Kenta Arichi and Catherine Gerrard, Academic Captains, with Dr Michael Brohier, Deputy Headmaster

Firstly, we need to delve back into what role our genes actually play to contribute to intelligence. Some genes may alter brain chemistry so that they are better adapted to learn. Others could be behavioural differences, allowing some people to prefer stimulating environments. It is thus likely that the genes of intelligence are not as simple as flicking a switch and instead, acted upon by the environment. Hence, the genetic basis for intelligence is equal parts about one’s nurture and one’s nature. Rather than going through a bunch of research papers, let’s do a bit of a thought experiment. Imagine two groups of children who have different versions of an ‘intelligence gene’, let's call it Gene X. Children with one version of this gene have an obsession and love for the smell of book pages, while the other children cannot stand the smell of new books. Hence, these children would be expected to actively avoid reading books. However, the first group of children will read hours upon hours and more likely to attain better reading scores due to their exposure to more books. So, indirectly, researchers would label this gene for reading ability, when in actuality it was a gene for smell preferences. This preference for a different environment helps reinforce the idea that environment can play the final role in generating the different reading scores.
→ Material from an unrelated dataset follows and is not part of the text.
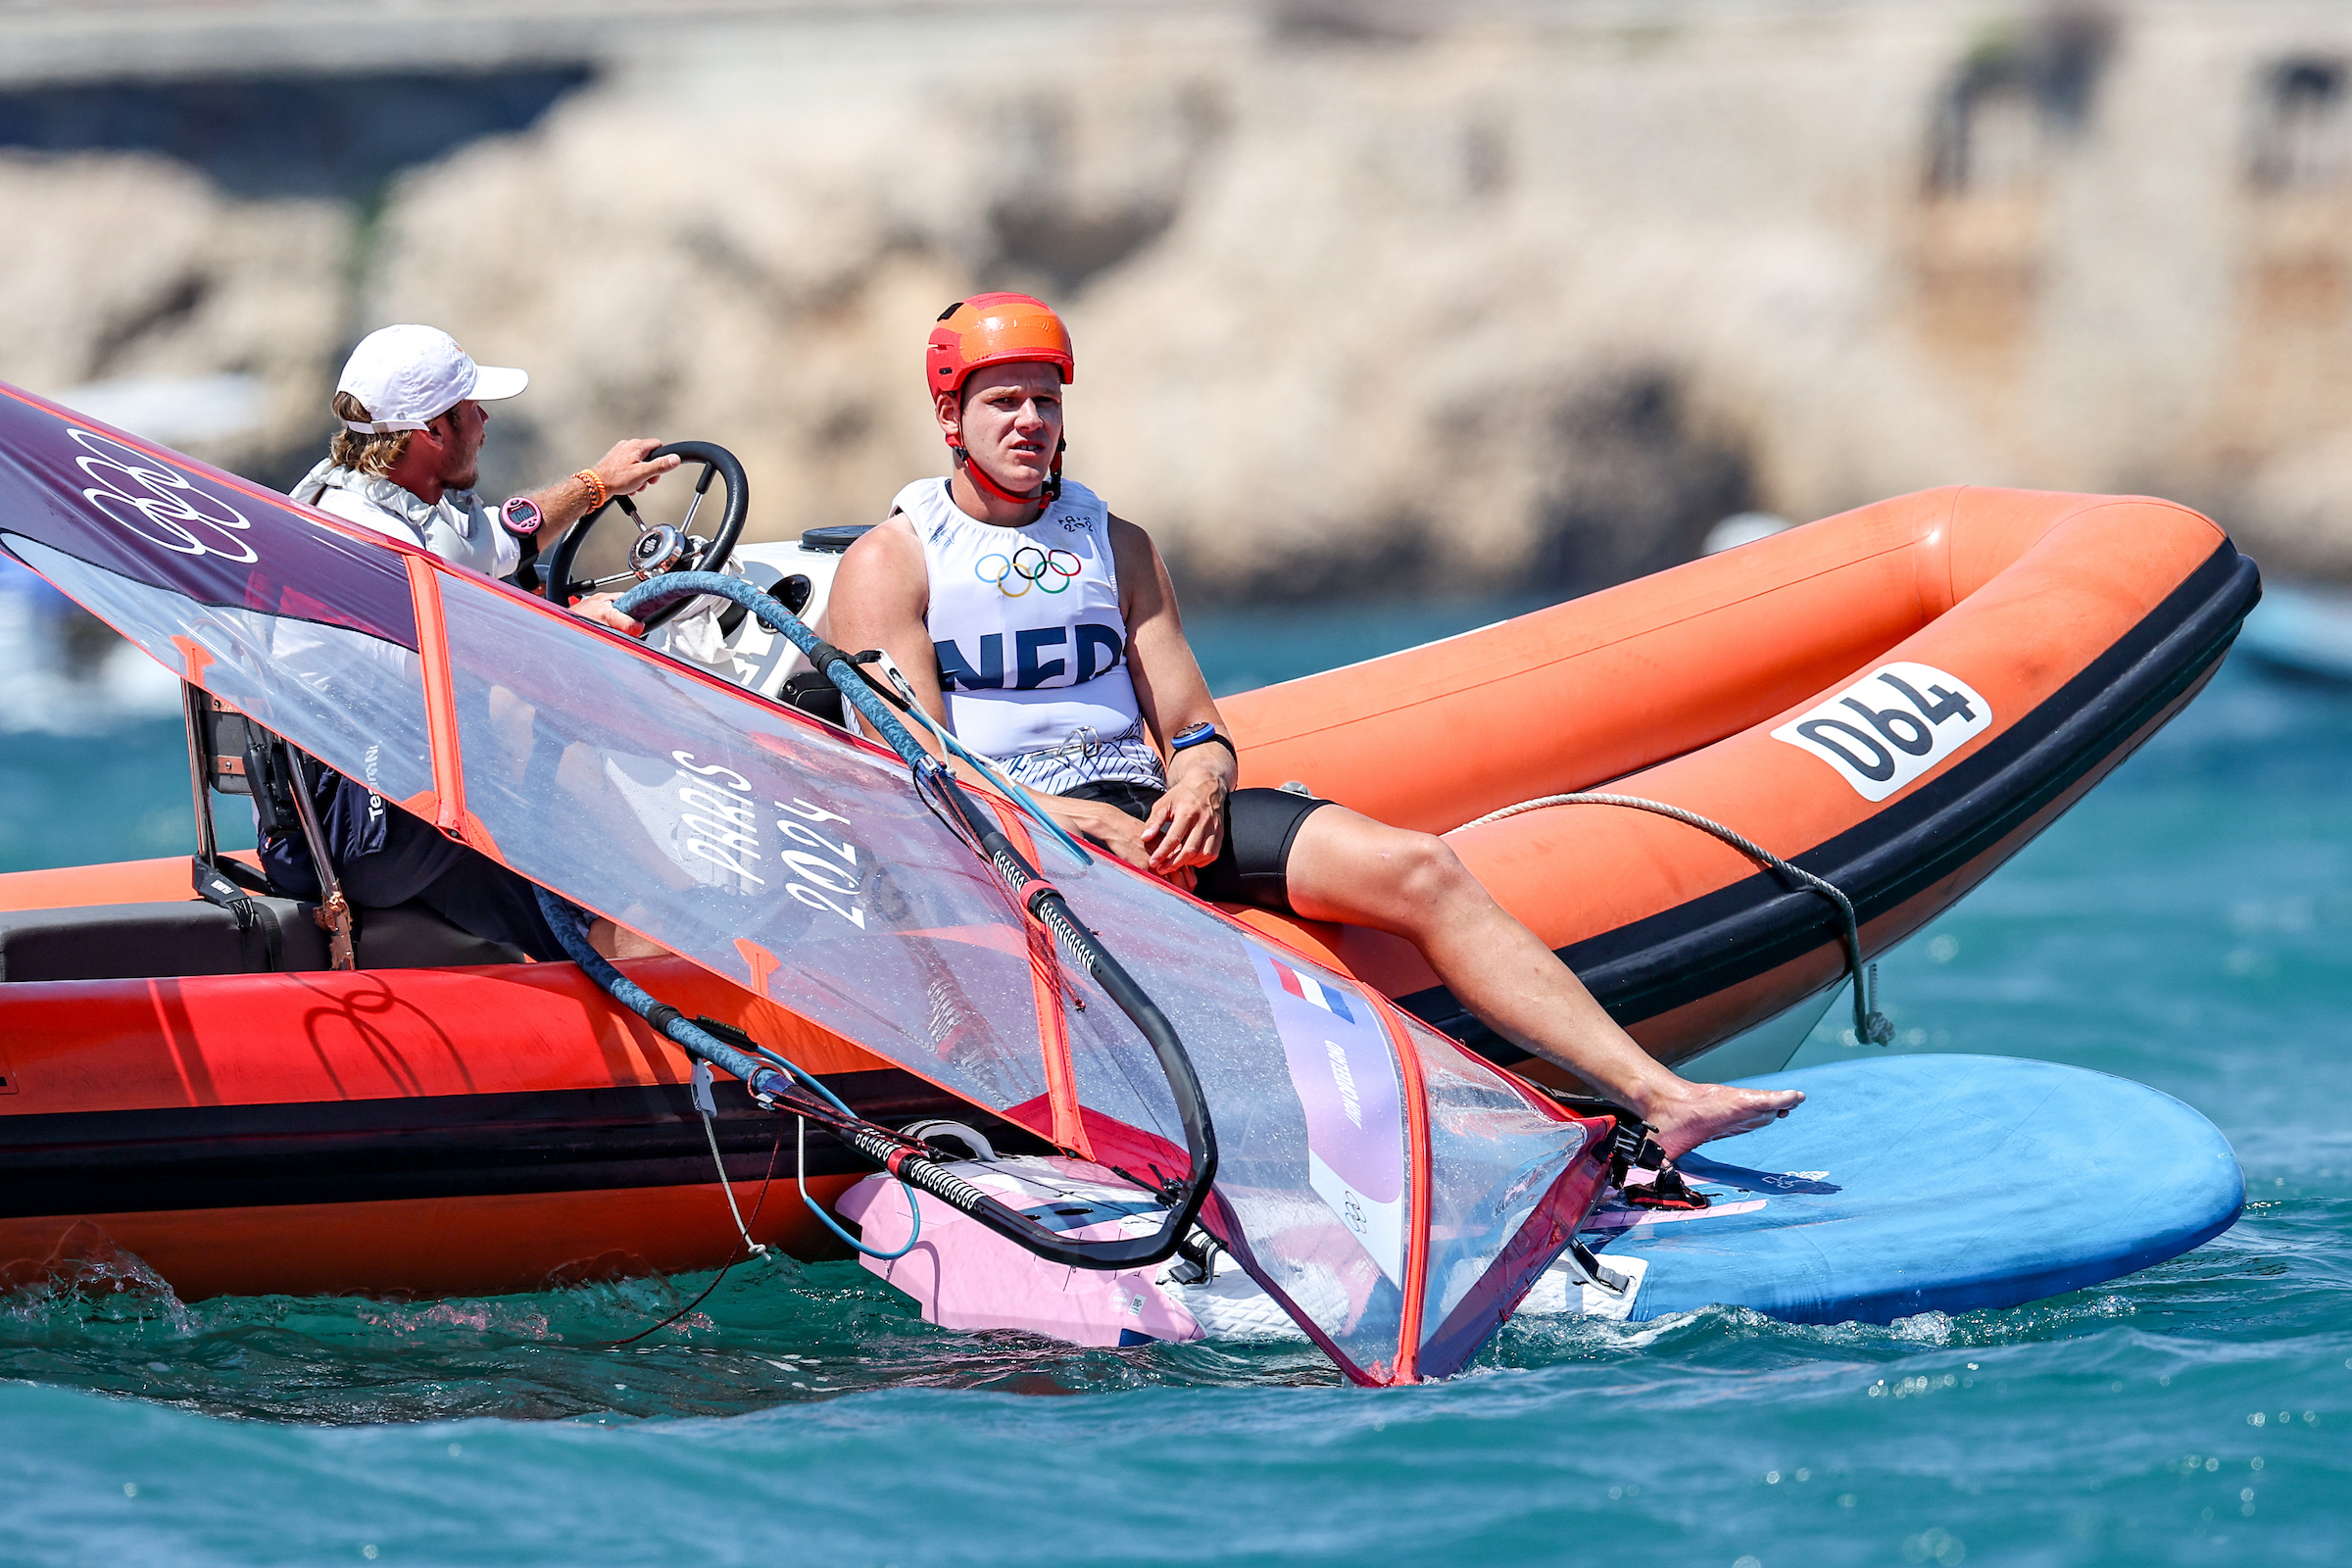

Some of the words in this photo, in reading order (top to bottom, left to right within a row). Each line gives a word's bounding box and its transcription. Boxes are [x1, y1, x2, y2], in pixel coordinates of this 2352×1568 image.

Clearly, it can be difficult to discern the cause of intelligence when it comes to certain genes creating environmental preferences. With more and more genetic research done by the year, we must not forget some of the issues with prematurely identifying a gene for intelligence (uninfluenced by the environment). Back in the 1960s geneticist Arthur Jensen criticised the Head Start education programme which offered compensatory education to children from disadvantaged backgrounds and particularly bridge the divide between black and white American students’ academic results. Jensen claimed that the programme was futile given the genetic basis of intelligence. From a contemporary context, this is ludicrous and obviously intelligence differences between racial groups have been debunked. Instead, the difference in intelligence can be better explained due to environmental differences (including the prejudice some minority groups face).

Clearly, even to this day, we still have a lot to learn about intelligence in order to create an education system which caters to all and unlocks our full potentials. In the time being, I think what we can all take away from this is to begin to accept and rethink the notion that intelligence is something we are born with. If we can begin to debunk this idea, then maybe people of all backgrounds can begin to actively seek to break their supposed limitations and grow before the conclusive research comes out.